2.  Sell that attention to others.

Like many abstractions, this one is a tad over-simplified, but not so much as to not be useful.  A bunch of modern-day startups fall into the above pattern.  Get a mass of users to your shiny-new website then monetize that attention through things like advertising (basically reselling that attention). 

Why do so many web startups take this approach?  I think it’s for two primary reasons:  1) it’s easier and 2) it’s more fun.  To understand this better, let’s contrast the attention economy to that other economy:  the wallet economy.  In the wallet economy, instead of competing for a share of people’s attention, you’re competing for a share of their wallet.  wallet economy

The wallet economy presents one big problem for many entrepreneurs (including me):  It involes this unpleasant activity known as selling something.  If you’re a software entrepreneur, I’m going to bet that if you had to pick amongst things like writing code, selling stuff and cleaning the office — selling would likely be at the bottom of your list.  So, entrepreneurs will prefer doing (almost) anything other than selling.  Enter AdSense, stage left. “I’ll just put AdSense on my site”.  If the entrepreneur is not completely delusional, she’ll add statements like:  “Yes, it’s only pennies, but you have to start somewhere, and we’ll grow the traffic over time.”

What’s really nice about the whole attention economy is that you can become a revenue-generating company today (revenue-generating is becoming fashionable again).  And, because there are advertising networks out there like AdSense, you’re not dependent on all that selling muckiness.  You get to avoid that whole “convincing customers to pay business”. 

But, I have a few issuese with the attention economy, from a software perspective (I’ve written about this before, but I’m going to be a bit crisper this time):

1.  Attention Is A Scarce Resource:  Attention is a bit limited and fragmented.  I’d ague that it’s getting increasingly harder to get people’s attention.  The level of attention I can devote to stuff has stayed pretty much the same throughout the years.  I might make more money now than I did 10 years ago, but the level of attention I can spend hasn’t gone up much — certainly not proportionally to income.

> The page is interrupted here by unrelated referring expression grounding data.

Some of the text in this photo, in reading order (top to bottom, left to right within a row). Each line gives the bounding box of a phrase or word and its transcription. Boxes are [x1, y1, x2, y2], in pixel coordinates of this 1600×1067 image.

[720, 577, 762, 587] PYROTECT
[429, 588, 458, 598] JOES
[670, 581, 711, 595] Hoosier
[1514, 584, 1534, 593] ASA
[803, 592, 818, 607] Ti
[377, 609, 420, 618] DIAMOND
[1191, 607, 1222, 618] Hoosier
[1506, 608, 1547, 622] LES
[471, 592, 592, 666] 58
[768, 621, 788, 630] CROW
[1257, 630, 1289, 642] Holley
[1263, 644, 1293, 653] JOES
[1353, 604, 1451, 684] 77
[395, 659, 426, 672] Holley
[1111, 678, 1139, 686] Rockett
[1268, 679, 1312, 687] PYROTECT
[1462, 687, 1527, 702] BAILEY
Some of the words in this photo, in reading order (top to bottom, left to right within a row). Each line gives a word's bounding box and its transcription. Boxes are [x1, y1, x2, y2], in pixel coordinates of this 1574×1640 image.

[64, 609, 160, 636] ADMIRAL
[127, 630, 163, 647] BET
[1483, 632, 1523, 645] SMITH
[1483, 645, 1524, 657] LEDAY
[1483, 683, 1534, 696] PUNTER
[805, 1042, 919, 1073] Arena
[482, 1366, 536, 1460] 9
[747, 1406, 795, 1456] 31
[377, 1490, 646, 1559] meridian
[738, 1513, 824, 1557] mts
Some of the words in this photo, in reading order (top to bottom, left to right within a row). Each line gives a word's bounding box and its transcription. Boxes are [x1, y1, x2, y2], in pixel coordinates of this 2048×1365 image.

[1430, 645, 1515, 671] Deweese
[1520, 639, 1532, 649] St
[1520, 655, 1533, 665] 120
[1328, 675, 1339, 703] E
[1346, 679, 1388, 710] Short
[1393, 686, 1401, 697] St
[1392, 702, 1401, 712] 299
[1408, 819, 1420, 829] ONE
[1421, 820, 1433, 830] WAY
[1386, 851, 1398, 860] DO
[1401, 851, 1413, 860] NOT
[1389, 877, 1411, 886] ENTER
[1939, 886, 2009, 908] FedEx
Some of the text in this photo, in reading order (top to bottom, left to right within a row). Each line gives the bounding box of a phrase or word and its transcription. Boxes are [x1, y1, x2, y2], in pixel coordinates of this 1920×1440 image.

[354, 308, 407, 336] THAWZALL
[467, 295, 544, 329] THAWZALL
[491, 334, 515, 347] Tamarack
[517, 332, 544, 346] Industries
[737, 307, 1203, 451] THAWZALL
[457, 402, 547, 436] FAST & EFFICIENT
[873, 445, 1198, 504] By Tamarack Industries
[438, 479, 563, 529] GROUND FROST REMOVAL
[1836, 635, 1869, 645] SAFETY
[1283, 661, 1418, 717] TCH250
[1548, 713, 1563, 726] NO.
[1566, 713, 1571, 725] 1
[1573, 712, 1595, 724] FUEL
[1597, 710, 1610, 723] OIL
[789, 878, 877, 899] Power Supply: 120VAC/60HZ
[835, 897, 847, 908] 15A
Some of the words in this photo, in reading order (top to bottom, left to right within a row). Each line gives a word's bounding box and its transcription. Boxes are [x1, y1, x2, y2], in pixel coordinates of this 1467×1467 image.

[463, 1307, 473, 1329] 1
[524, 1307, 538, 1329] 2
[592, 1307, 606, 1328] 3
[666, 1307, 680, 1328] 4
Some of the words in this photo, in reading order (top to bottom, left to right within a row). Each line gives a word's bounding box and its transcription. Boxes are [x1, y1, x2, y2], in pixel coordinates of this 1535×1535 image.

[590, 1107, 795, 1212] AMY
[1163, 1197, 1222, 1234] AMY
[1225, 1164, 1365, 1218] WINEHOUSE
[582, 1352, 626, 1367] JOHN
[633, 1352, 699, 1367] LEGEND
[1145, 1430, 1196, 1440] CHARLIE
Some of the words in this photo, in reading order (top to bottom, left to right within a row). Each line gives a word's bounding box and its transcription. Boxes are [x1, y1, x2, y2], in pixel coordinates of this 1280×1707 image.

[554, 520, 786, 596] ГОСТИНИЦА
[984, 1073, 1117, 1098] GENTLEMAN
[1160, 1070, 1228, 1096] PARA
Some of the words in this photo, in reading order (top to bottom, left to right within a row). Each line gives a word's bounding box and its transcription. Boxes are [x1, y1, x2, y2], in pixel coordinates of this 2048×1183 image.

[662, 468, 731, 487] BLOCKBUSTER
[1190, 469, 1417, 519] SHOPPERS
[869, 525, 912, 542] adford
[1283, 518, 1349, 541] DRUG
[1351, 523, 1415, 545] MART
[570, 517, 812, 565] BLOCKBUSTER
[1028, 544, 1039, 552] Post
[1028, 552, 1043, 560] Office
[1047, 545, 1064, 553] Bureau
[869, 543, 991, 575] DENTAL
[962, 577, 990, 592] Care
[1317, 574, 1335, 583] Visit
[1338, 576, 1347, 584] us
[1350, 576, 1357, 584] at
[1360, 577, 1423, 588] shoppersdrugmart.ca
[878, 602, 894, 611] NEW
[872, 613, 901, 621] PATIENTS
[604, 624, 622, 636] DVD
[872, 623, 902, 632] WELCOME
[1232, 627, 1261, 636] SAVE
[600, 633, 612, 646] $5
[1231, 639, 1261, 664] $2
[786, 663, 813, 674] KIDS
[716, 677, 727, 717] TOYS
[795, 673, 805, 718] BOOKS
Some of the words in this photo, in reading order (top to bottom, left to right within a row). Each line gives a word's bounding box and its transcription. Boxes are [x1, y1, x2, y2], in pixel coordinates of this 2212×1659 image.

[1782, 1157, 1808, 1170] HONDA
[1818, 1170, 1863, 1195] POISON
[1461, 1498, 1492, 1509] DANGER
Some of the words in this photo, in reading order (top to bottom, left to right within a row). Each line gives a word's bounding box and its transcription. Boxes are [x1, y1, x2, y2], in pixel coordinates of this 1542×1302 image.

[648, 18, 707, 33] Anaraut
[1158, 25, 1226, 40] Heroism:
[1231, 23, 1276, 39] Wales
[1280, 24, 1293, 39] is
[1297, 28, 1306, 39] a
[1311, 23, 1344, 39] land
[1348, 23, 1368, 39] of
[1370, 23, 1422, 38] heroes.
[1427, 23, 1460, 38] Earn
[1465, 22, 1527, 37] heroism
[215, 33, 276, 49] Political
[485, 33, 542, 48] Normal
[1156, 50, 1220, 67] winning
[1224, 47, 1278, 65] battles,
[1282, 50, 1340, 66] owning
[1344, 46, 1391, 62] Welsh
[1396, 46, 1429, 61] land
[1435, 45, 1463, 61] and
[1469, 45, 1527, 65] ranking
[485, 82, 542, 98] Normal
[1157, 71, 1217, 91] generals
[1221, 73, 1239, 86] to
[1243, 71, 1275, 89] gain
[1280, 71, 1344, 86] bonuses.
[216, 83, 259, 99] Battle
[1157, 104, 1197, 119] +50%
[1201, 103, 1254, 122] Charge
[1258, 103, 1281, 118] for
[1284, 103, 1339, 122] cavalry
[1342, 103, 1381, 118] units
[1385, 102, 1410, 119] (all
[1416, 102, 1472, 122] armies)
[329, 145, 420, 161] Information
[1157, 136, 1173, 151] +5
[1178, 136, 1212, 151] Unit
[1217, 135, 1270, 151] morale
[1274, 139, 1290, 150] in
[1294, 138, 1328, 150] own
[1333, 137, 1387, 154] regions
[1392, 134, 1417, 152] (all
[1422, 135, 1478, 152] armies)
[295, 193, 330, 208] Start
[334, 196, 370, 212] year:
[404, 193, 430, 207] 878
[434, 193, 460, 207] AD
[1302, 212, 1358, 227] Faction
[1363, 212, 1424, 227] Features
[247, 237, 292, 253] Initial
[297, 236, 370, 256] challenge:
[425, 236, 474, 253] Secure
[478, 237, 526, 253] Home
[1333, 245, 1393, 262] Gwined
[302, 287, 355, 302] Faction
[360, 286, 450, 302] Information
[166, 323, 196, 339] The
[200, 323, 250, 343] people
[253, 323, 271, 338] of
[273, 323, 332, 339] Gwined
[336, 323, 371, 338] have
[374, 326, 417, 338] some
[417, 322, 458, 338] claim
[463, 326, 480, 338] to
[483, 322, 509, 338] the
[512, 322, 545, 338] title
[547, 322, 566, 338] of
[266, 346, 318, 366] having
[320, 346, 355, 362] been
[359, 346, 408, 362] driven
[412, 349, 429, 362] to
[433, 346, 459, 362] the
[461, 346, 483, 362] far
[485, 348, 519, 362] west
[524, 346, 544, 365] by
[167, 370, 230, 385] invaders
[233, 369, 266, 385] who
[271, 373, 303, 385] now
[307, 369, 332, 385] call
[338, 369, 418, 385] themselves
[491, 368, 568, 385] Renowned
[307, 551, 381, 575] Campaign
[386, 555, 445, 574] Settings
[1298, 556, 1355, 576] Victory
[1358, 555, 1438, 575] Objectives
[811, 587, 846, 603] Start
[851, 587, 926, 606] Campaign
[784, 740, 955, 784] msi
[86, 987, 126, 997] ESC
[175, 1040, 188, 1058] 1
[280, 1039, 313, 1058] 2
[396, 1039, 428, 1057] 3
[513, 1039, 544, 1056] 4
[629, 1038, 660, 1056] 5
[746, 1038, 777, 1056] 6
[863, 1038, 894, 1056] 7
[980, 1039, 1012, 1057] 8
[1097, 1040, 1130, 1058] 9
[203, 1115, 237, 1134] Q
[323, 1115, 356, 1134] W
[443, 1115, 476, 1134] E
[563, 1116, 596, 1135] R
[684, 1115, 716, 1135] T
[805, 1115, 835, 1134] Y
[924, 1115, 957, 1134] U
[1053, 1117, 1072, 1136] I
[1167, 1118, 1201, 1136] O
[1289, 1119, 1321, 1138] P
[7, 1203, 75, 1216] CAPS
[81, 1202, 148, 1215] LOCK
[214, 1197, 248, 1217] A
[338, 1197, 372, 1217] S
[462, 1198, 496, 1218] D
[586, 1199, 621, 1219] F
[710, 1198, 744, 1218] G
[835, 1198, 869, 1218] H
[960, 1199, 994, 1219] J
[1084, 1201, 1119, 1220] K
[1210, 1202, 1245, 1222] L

2.  Battle of User and Advertiser:  There’s a conflict between getting monetizable attention and solving the user’s problem.  Let me explain:  Back in the good old days of software, users had a problem, you wrote software that solved that problem, and they paid you for it.  Nice and simple.  All your incentives were to solve the problem as well as you could for as many people as possible.  Now, contrast this with a web application that is monetizing attention.  Now, not only do you need to make the user happy (so they’ll visit in the first place), you have to make the advertiser happy as well (because they’re buying that user’s attention).  In fact, to make any real money you have to get better and better at interrupting the user well enough so that they pay attention to the ads.  Basically, you have to balance the needs of your users and the needs of your advertisers. That’s hard.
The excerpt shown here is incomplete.